Question

getting intersect between two lists of genes in R

2

Entering edit mode

9.5 years ago

zizigolu ★ 4.3k

Friends,

I have a microarray dataset AGI IDs in row and samples in column and txt file of transcription factor (AGI IDs), my supervisor asked me to find and extract the expression of only genes existed in my transcription factor list in another word I should extract the rows those are transcription factor. as already I need your help

Thank you

gene R • 33k views

ADD COMMENT • link updated 2.8 years ago by Ram 45k • written 9.5 years ago by zizigolu ★ 4.3k

Ram · Accepted Answer · 2015-10-27

4

Entering edit mode

9.5 years ago

Alex Reynolds 36k

Take a look at ?intersect.

> v1 <- c("GATA1", "CTCF", "HOXB1")
> v2 <- c("C3", "ATF", "SOX1", "CTCF", "OCT3")
> intersect(v1, v2)
[1] "CTCF"
>

If you are trying to build a subset of a data frame, you can use %in%. See the examples here.

ADD COMMENT • link 9.5 years ago by Alex Reynolds 36k

0

Entering edit mode

sorry Alex,

I did like below but the input file contains the same rows as my microarray dataset while I need only the rows shared between two files

> setwd("E:/Affy data Col-0 priming/detailed_results")
> mycounts <- read.table("raw_rma_normalized_expression_values.txt", sep="\t", header=TRUE)
> S <- read.table("excluding.txt", sep="", header=F)
> v1 <- c(mycounts)
> v2 <- c(S)
> intersect(v1, v2)
list()
> list()
list()
> write.table(mycounts, file = "final_list.txt", sep = "\t", col.names = TRUE, row.names = FALSE)
>

ADD REPLY • link updated 5.5 years ago by Ram 45k • written 9.5 years ago by zizigolu ★ 4.3k

0

Entering edit mode

What you are trying to pass to intersect is not what that function takes as input. Run ?intersect to see what it takes as input. Then look again at tables mycounts and S and decide what rows or columns you need to extract from those tables to pass to intersect.

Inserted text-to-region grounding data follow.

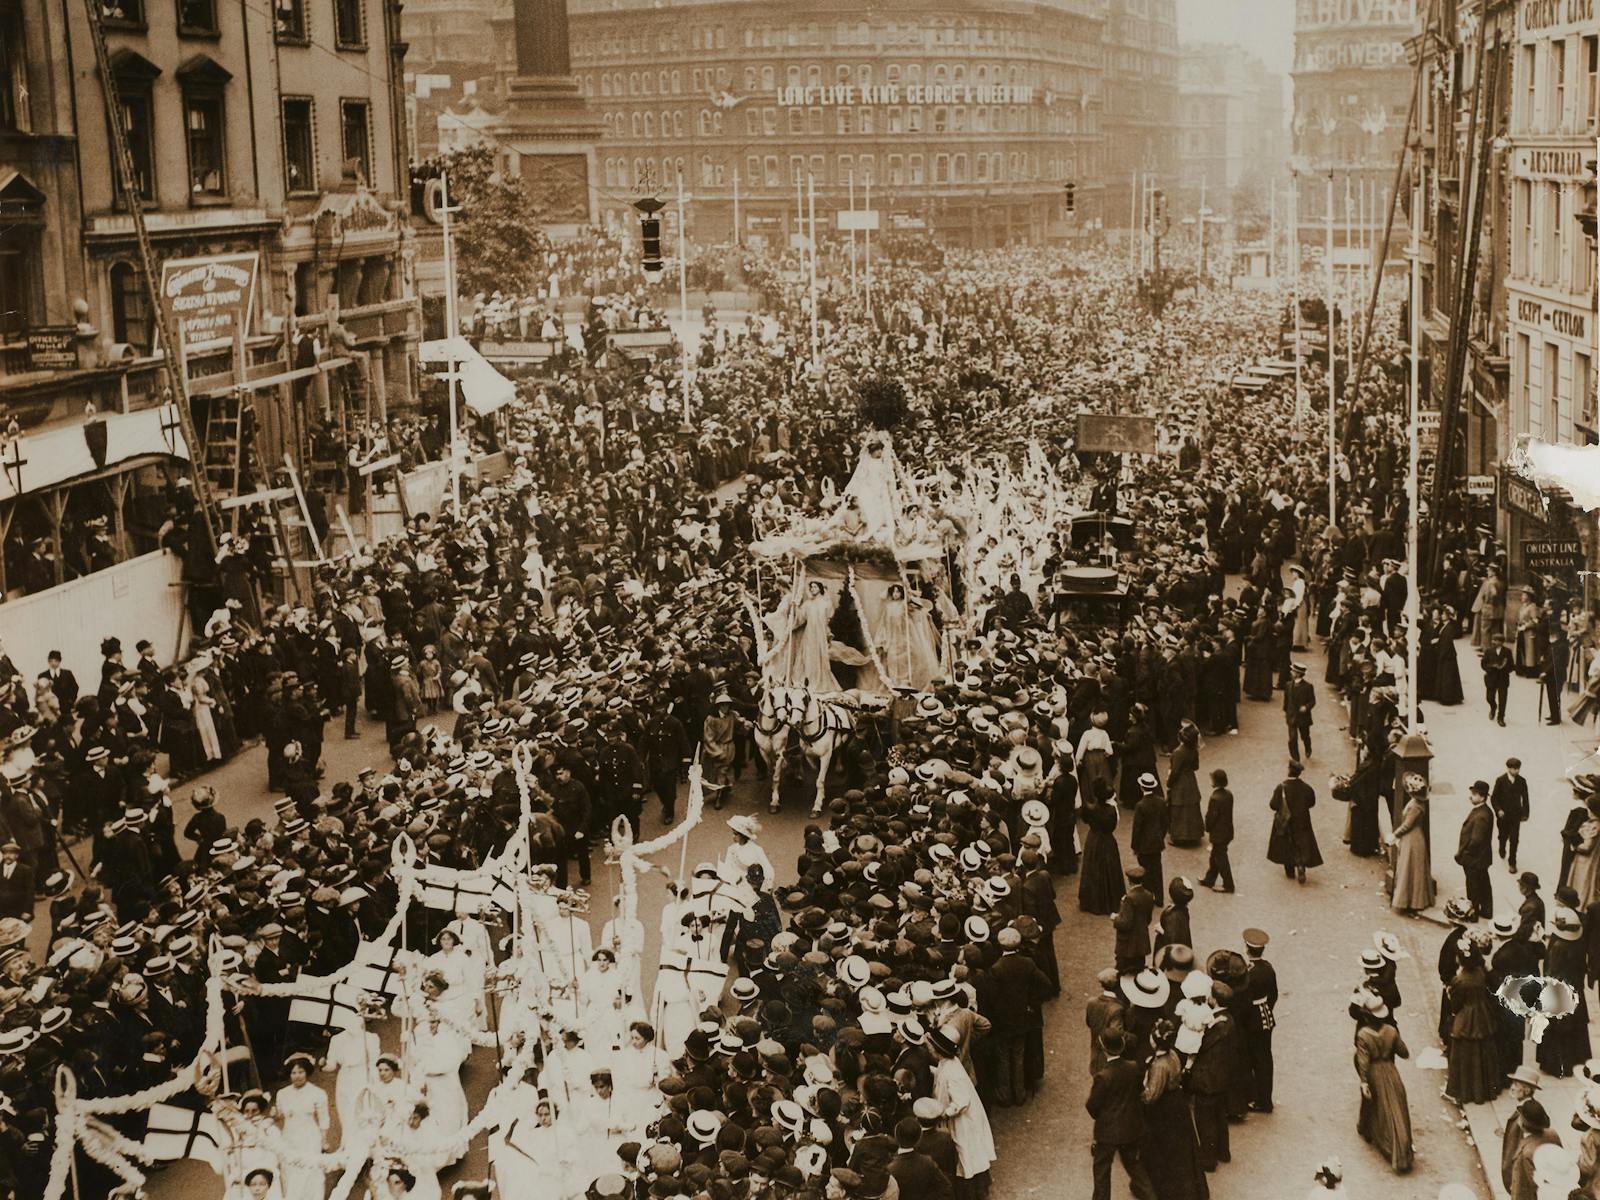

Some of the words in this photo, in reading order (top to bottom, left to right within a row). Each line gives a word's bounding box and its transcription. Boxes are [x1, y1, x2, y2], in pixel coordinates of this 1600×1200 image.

[1525, 0, 1559, 30] ORIENT
[1567, 0, 1593, 24] LINE
[777, 86, 814, 106] LONG
[821, 83, 855, 105] LIVE
[862, 83, 899, 105] KING
[907, 85, 961, 105] GEORGE
[977, 85, 1010, 104] QUEEN
[1530, 151, 1582, 176] AUSTRALIA
[1518, 299, 1542, 325] EGYPT
[1552, 309, 1585, 338] CEYLON
[1469, 481, 1495, 490] CUNARD
[1526, 543, 1559, 554] ORIENT
[1560, 543, 1579, 553] LINE
[1528, 559, 1575, 567] AUSTRALIA

ADD REPLY • link updated 5.5 years ago by Ram 45k • written 9.5 years ago by Alex Reynolds 36k

0

Entering edit mode

thank you, but mycounts has 22000 rows and S has 100 rows, then I need 100 rows from mycounts which the same with S

ADD REPLY • link updated 5.5 years ago by Ram 45k • written 9.5 years ago by zizigolu ★ 4.3k

0

Entering edit mode

You need to extract whichever row or column from mycounts contains your genes of interest. You need to do the same for S. Then pass those to intersect.

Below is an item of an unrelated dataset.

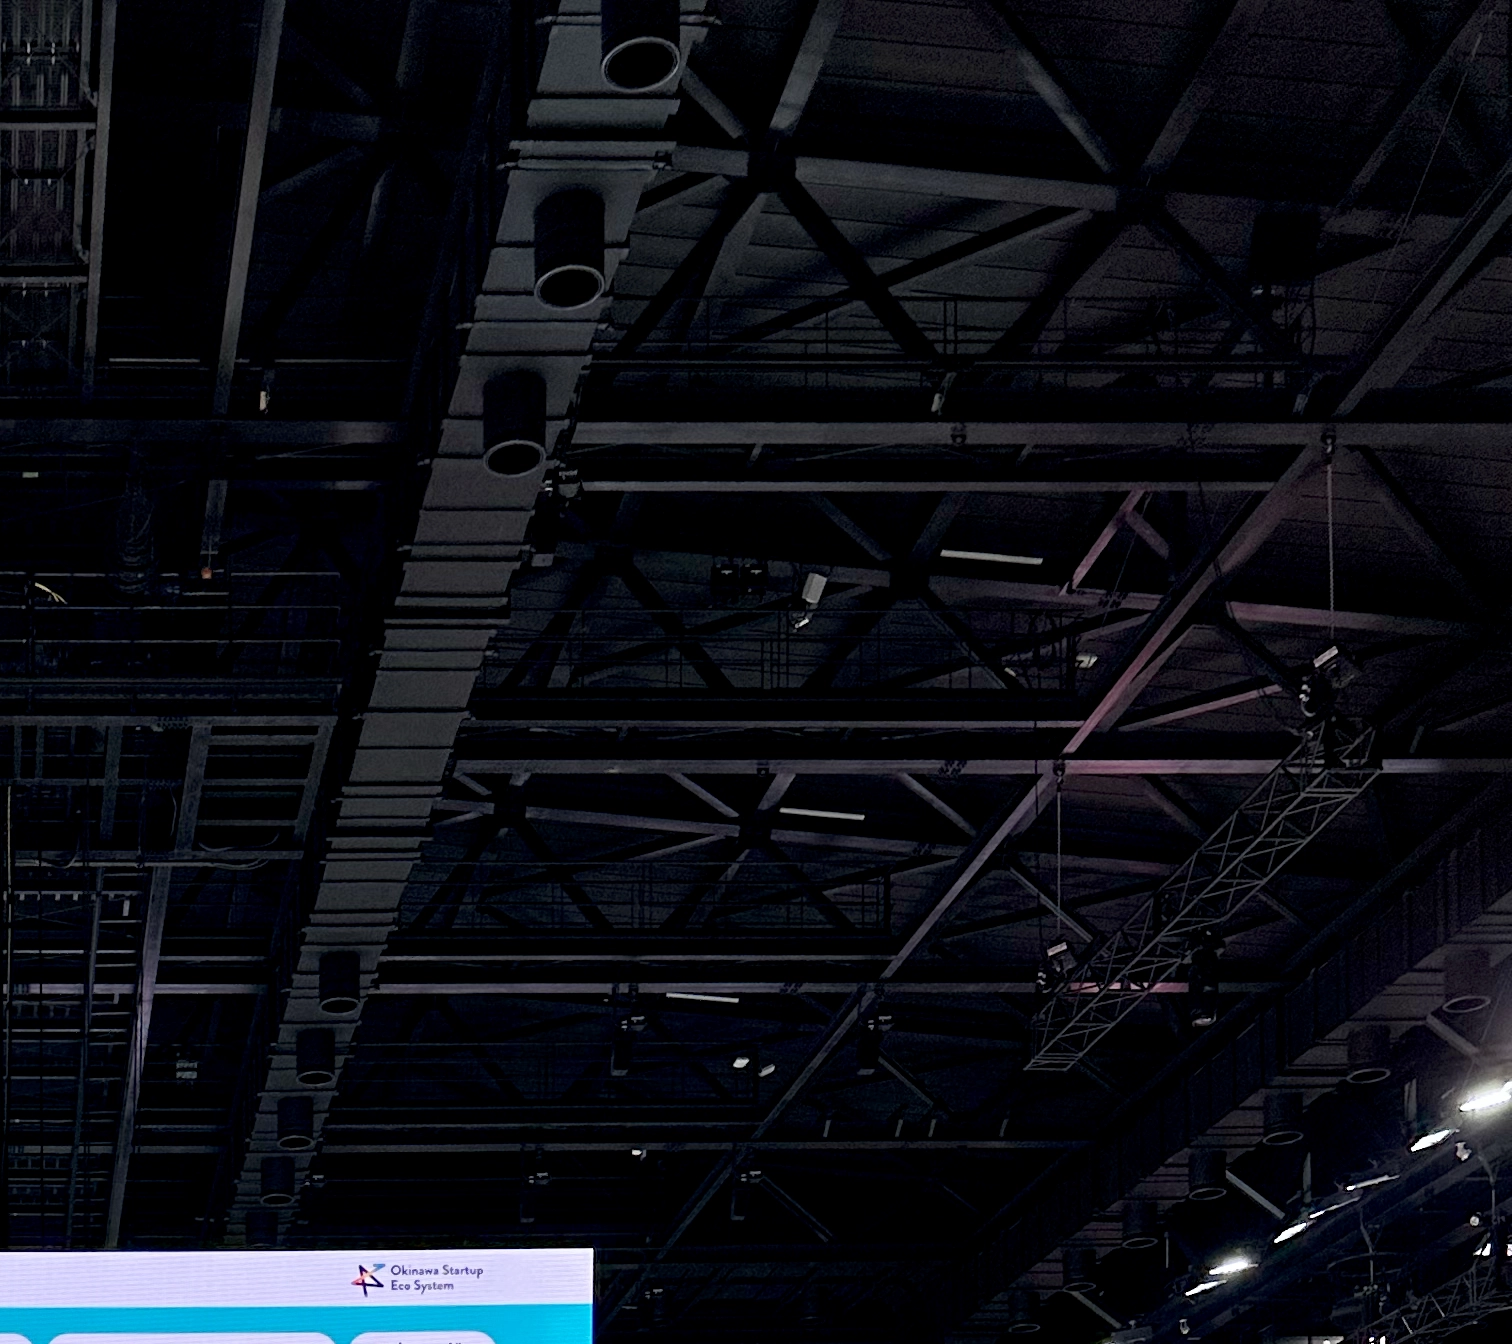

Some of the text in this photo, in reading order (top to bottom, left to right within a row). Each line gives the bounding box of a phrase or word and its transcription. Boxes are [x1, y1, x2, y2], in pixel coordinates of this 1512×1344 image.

ADD REPLY • link updated 5.5 years ago by Ram 45k • written 9.5 years ago by Alex Reynolds 36k

0

Entering edit mode

sorry, I donno how to extract...then I should extract 22000 rows from one file and 100 rows from another one then pass those to intersect.

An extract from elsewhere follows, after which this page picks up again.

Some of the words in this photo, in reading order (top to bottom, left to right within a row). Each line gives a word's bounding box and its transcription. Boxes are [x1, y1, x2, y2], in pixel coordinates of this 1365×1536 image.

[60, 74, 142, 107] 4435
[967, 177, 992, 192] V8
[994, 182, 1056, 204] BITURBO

ADD REPLY • link updated 5.5 years ago by Ram 45k • written 9.5 years ago by zizigolu ★ 4.3k

0

Entering edit mode

Perhaps you are trying to take a subset of one table, based on values in a second table. It's not clear to me what you are trying to do. Maybe you need to use the %in% operator. Perhaps read the edit to my answer and go through the linked examples, as well as search online about this operator.

ADD REPLY • link updated 5.5 years ago by Ram 45k • written 9.5 years ago by Alex Reynolds 36k

0

Entering edit mode

Alex,

I am only trying to extract 100 genes from 22000 genes. 100 genes are in S file and 22000 genes are in my microarray dataset

anyway thank you

ADD REPLY • link updated 5.5 years ago by Ram 45k • written 9.5 years ago by zizigolu ★ 4.3k

1

Entering edit mode

Alex gave you the correct hint. You only need to select the corresponding column IDs:

intersect(v1$id, v2$probe_id)

In case the columns are named id and probe_id

ADD REPLY • link updated 5.5 years ago by Ram 45k • written 9.5 years ago by michael.ante ★ 4.0k

0

Entering edit mode

thank you

I did like below

mycounts <- read.table("RMA.txt", sep="\t", header=TRUE)
> S <- read.table("excluding.txt", sep="", header=F)
> v1 <- c(mycounts)
> v2 <- c(S)
> intersect(v1$identifier, v2$IDs)
NULL
>

what is the NULL??

ADD REPLY • link updated 5.5 years ago by Ram 45k • written 9.5 years ago by zizigolu ★ 4.3k

1

Entering edit mode

Try to leave out the c(mycounts), this will mess up your data...

intersect(mycounts$identifier,S$IDs)

ADD REPLY • link updated 5.5 years ago by Ram 45k • written 9.5 years ago by michael.ante ★ 4.0k

0

Entering edit mode

thank you,

> mycounts <- read.table("RMA.txt", sep="\t", header=TRUE)
> S <- read.table("excluding.txt", sep="", header=F)
> intersect(mycounts$identifier,S$IDs)
NULL
> write.table(mycounts, file = "RMA111.txt", dec = ".", sep = "\t", quote = FALSE)

I open the output file but it has 21000 row while I need only the 100 genes which I name with S variable

ADD REPLY • link updated 5.5 years ago by Ram 45k • written 9.5 years ago by zizigolu ★ 4.3k

2

Entering edit mode

In case of reading S, you state header=F. Which means you have S$V1 representing the first column.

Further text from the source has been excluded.